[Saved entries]
======
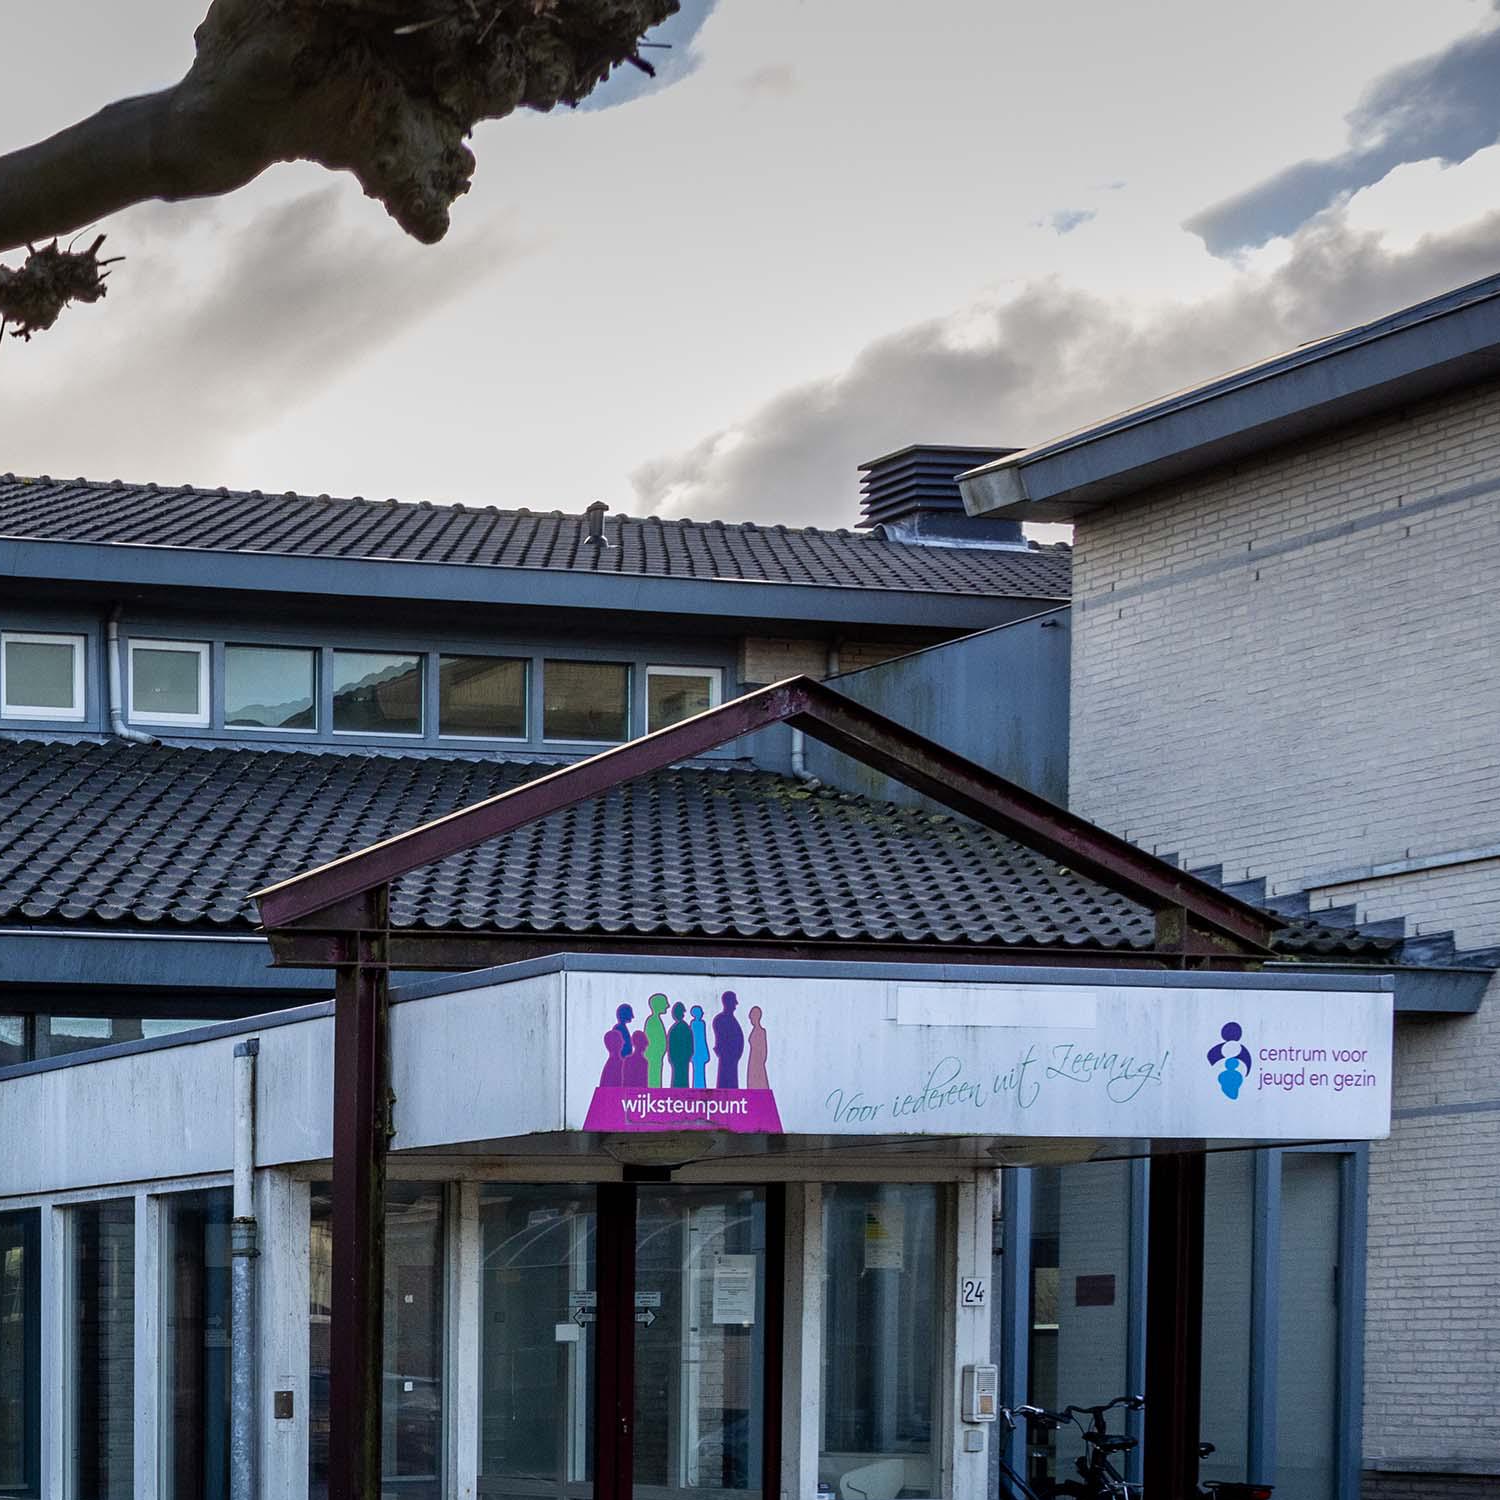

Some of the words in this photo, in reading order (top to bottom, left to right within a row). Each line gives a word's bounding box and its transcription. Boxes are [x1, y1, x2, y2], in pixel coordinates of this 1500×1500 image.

[1259, 1046, 1327, 1062] centrum
[1332, 1049, 1368, 1063] voor
[825, 1088, 885, 1123] Voor
[892, 1056, 987, 1118] iedereen
[993, 1044, 1040, 1108] uit
[1046, 1043, 1170, 1104] Zeevang!
[1258, 1067, 1305, 1091] jeugd
[1309, 1073, 1329, 1087] en
[1333, 1069, 1376, 1092] gezin
[621, 1093, 748, 1119] wijksteunpunt
[965, 1280, 984, 1303] 24
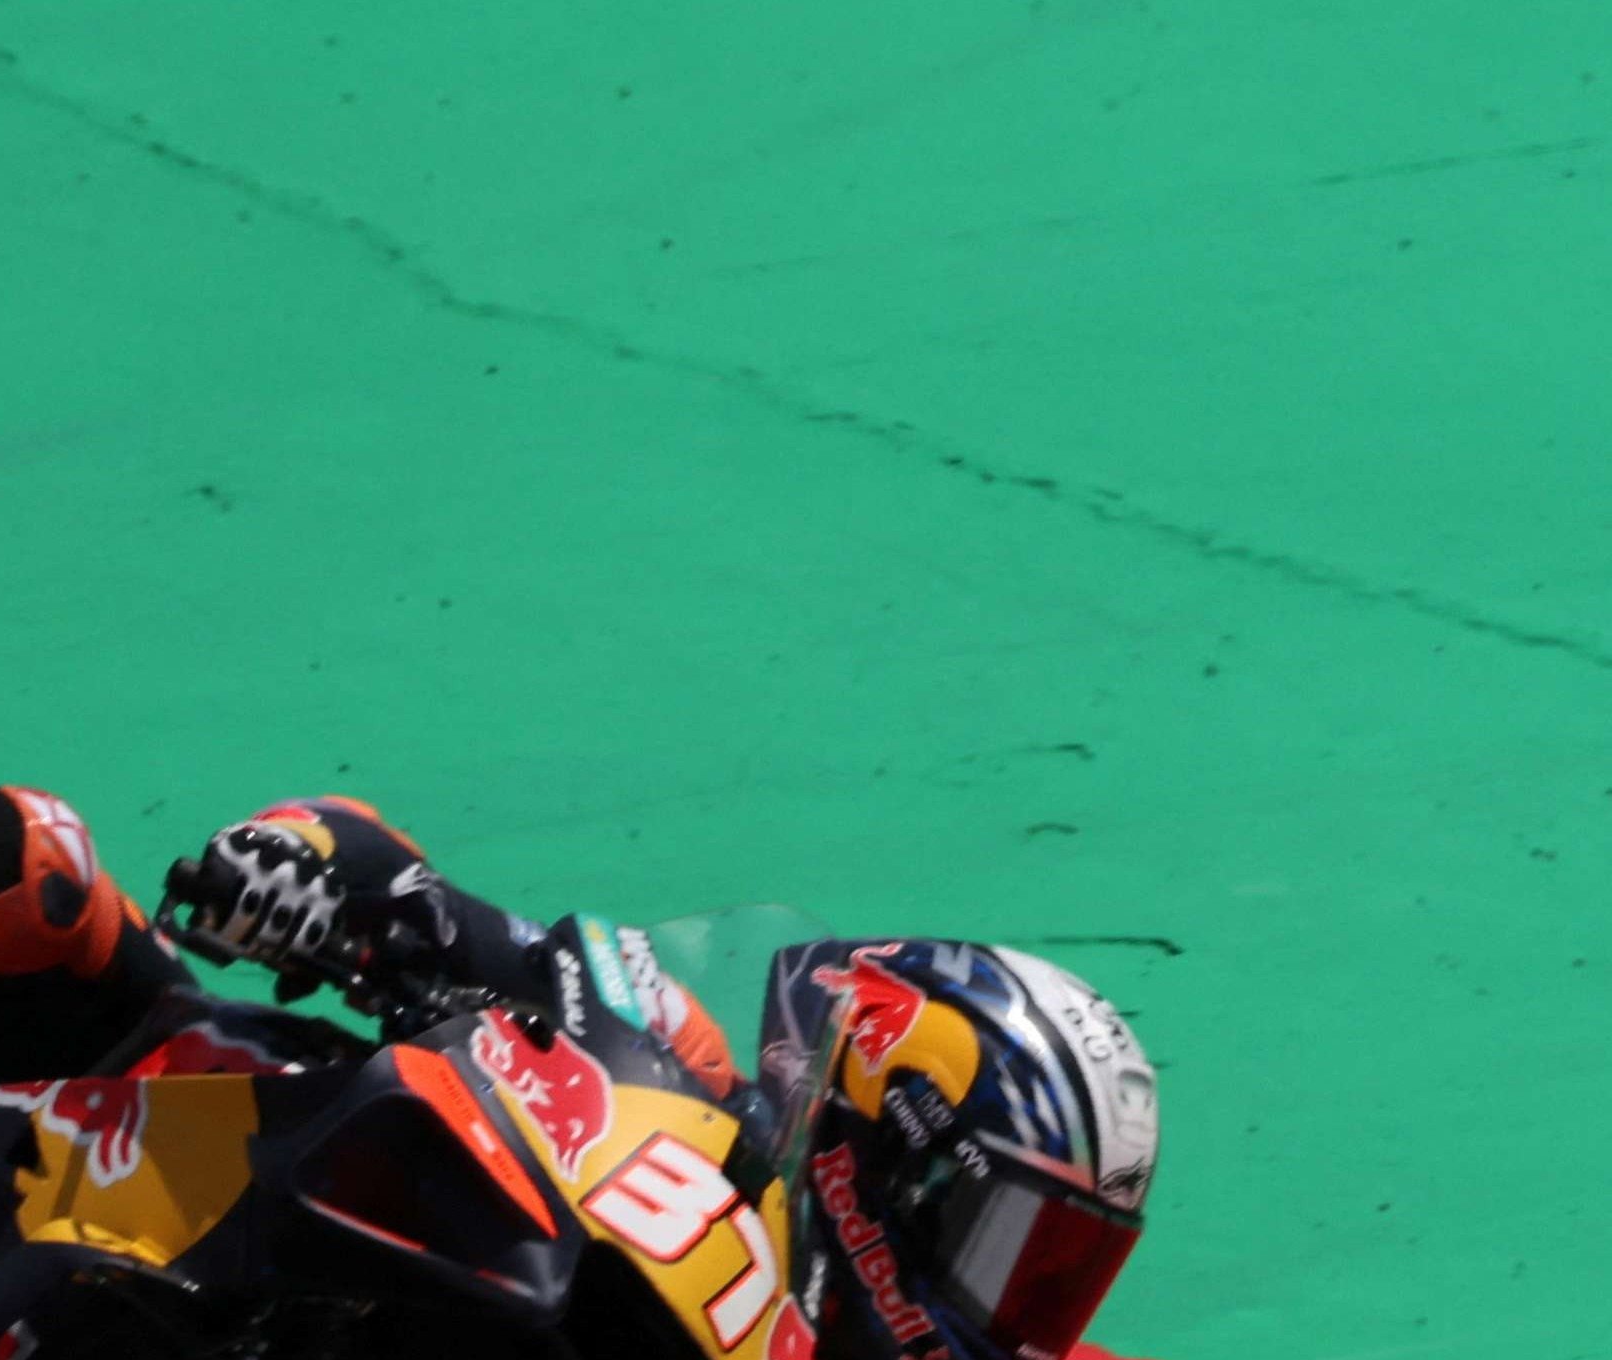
======
Task to complete –
The answer should hold every entry exactly as given and no pictures at all.

Exercise answer –
Some of the words in this photo, in reading order (top to bottom, left to right within a row). Each line gives a word's bounding box and its transcription. Boxes are [x1, y1, x2, y2], in pixel coordinates of this 1500×1500 image.

[1259, 1046, 1327, 1062] centrum
[1332, 1049, 1368, 1063] voor
[825, 1088, 885, 1123] Voor
[892, 1056, 987, 1118] iedereen
[993, 1044, 1040, 1108] uit
[1046, 1043, 1170, 1104] Zeevang!
[1258, 1067, 1305, 1091] jeugd
[1309, 1073, 1329, 1087] en
[1333, 1069, 1376, 1092] gezin
[621, 1093, 748, 1119] wijksteunpunt
[965, 1280, 984, 1303] 24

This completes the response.